▶ **Try it**
What you give back should match the records word for word.

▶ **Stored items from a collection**
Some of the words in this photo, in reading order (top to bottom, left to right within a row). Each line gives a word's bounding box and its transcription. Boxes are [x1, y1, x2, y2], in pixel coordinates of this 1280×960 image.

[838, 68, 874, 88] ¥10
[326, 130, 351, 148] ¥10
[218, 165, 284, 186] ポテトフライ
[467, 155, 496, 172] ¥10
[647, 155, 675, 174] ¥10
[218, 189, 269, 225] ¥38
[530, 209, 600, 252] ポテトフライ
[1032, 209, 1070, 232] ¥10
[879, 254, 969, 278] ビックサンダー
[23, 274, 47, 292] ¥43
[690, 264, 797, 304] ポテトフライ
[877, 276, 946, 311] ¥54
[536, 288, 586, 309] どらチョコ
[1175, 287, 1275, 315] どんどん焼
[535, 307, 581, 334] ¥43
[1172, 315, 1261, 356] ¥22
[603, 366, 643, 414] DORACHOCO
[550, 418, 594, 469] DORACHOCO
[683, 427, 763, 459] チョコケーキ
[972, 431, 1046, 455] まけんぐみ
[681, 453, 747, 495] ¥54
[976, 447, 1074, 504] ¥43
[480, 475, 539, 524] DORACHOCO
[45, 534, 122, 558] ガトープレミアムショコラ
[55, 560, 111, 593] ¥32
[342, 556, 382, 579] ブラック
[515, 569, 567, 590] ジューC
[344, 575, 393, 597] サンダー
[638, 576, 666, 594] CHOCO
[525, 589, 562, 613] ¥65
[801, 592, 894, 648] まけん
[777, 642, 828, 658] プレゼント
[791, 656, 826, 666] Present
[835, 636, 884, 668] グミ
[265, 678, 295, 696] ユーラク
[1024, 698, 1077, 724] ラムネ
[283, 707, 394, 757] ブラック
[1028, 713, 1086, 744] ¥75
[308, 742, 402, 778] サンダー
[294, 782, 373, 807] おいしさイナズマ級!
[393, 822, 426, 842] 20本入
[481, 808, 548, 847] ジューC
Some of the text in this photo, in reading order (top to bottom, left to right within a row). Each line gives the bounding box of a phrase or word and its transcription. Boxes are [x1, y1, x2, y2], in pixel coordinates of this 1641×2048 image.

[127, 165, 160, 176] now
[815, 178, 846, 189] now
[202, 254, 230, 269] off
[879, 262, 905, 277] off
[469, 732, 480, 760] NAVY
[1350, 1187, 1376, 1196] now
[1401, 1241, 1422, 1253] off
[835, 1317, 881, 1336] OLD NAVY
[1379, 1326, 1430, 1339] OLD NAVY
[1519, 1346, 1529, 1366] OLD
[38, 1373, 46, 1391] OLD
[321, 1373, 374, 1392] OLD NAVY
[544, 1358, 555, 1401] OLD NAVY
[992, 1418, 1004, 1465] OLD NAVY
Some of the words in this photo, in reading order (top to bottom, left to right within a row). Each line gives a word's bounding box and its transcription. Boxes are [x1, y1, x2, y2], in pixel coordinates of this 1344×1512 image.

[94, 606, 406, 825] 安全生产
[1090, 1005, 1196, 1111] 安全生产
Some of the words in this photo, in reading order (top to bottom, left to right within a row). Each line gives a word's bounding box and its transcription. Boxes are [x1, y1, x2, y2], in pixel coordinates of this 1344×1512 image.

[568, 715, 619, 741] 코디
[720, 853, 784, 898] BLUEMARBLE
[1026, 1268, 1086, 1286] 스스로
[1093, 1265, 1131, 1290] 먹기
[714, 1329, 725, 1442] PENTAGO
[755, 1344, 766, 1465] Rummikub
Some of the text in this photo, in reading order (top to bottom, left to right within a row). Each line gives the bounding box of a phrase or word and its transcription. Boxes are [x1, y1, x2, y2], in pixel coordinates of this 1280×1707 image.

▶ **Answer space**
Some of the words in this photo, in reading order (top to bottom, left to right within a row). Each line gives a word's bounding box and its transcription. Boxes are [x1, y1, x2, y2], in pixel coordinates of this 1280×960 image.

[838, 68, 874, 88] ¥10
[326, 130, 351, 148] ¥10
[218, 165, 284, 186] ポテトフライ
[467, 155, 496, 172] ¥10
[647, 155, 675, 174] ¥10
[218, 189, 269, 225] ¥38
[530, 209, 600, 252] ポテトフライ
[1032, 209, 1070, 232] ¥10
[879, 254, 969, 278] ビックサンダー
[23, 274, 47, 292] ¥43
[690, 264, 797, 304] ポテトフライ
[877, 276, 946, 311] ¥54
[536, 288, 586, 309] どらチョコ
[1175, 287, 1275, 315] どんどん焼
[535, 307, 581, 334] ¥43
[1172, 315, 1261, 356] ¥22
[603, 366, 643, 414] DORACHOCO
[550, 418, 594, 469] DORACHOCO
[683, 427, 763, 459] チョコケーキ
[972, 431, 1046, 455] まけんぐみ
[681, 453, 747, 495] ¥54
[976, 447, 1074, 504] ¥43
[480, 475, 539, 524] DORACHOCO
[45, 534, 122, 558] ガトープレミアムショコラ
[55, 560, 111, 593] ¥32
[342, 556, 382, 579] ブラック
[515, 569, 567, 590] ジューC
[344, 575, 393, 597] サンダー
[638, 576, 666, 594] CHOCO
[525, 589, 562, 613] ¥65
[801, 592, 894, 648] まけん
[777, 642, 828, 658] プレゼント
[791, 656, 826, 666] Present
[835, 636, 884, 668] グミ
[265, 678, 295, 696] ユーラク
[1024, 698, 1077, 724] ラムネ
[283, 707, 394, 757] ブラック
[1028, 713, 1086, 744] ¥75
[308, 742, 402, 778] サンダー
[294, 782, 373, 807] おいしさイナズマ級!
[393, 822, 426, 842] 20本入
[481, 808, 548, 847] ジューC
Some of the text in this photo, in reading order (top to bottom, left to right within a row). Each line gives the bounding box of a phrase or word and its transcription. Boxes are [x1, y1, x2, y2], in pixel coordinates of this 1641×2048 image.

[127, 165, 160, 176] now
[815, 178, 846, 189] now
[202, 254, 230, 269] off
[879, 262, 905, 277] off
[469, 732, 480, 760] NAVY
[1350, 1187, 1376, 1196] now
[1401, 1241, 1422, 1253] off
[835, 1317, 881, 1336] OLD NAVY
[1379, 1326, 1430, 1339] OLD NAVY
[1519, 1346, 1529, 1366] OLD
[38, 1373, 46, 1391] OLD
[321, 1373, 374, 1392] OLD NAVY
[544, 1358, 555, 1401] OLD NAVY
[992, 1418, 1004, 1465] OLD NAVY
Some of the words in this photo, in reading order (top to bottom, left to right within a row). Each line gives a word's bounding box and its transcription. Boxes are [x1, y1, x2, y2], in pixel coordinates of this 1344×1512 image.

[94, 606, 406, 825] 安全生产
[1090, 1005, 1196, 1111] 安全生产
Some of the words in this photo, in reading order (top to bottom, left to right within a row). Each line gives a word's bounding box and its transcription. Boxes are [x1, y1, x2, y2], in pixel coordinates of this 1344×1512 image.

[568, 715, 619, 741] 코디
[720, 853, 784, 898] BLUEMARBLE
[1026, 1268, 1086, 1286] 스스로
[1093, 1265, 1131, 1290] 먹기
[714, 1329, 725, 1442] PENTAGO
[755, 1344, 766, 1465] Rummikub
Some of the text in this photo, in reading order (top to bottom, left to right within a row). Each line gives the bounding box of a phrase or word and its transcription. Boxes are [x1, y1, x2, y2], in pixel coordinates of this 1280×1707 image.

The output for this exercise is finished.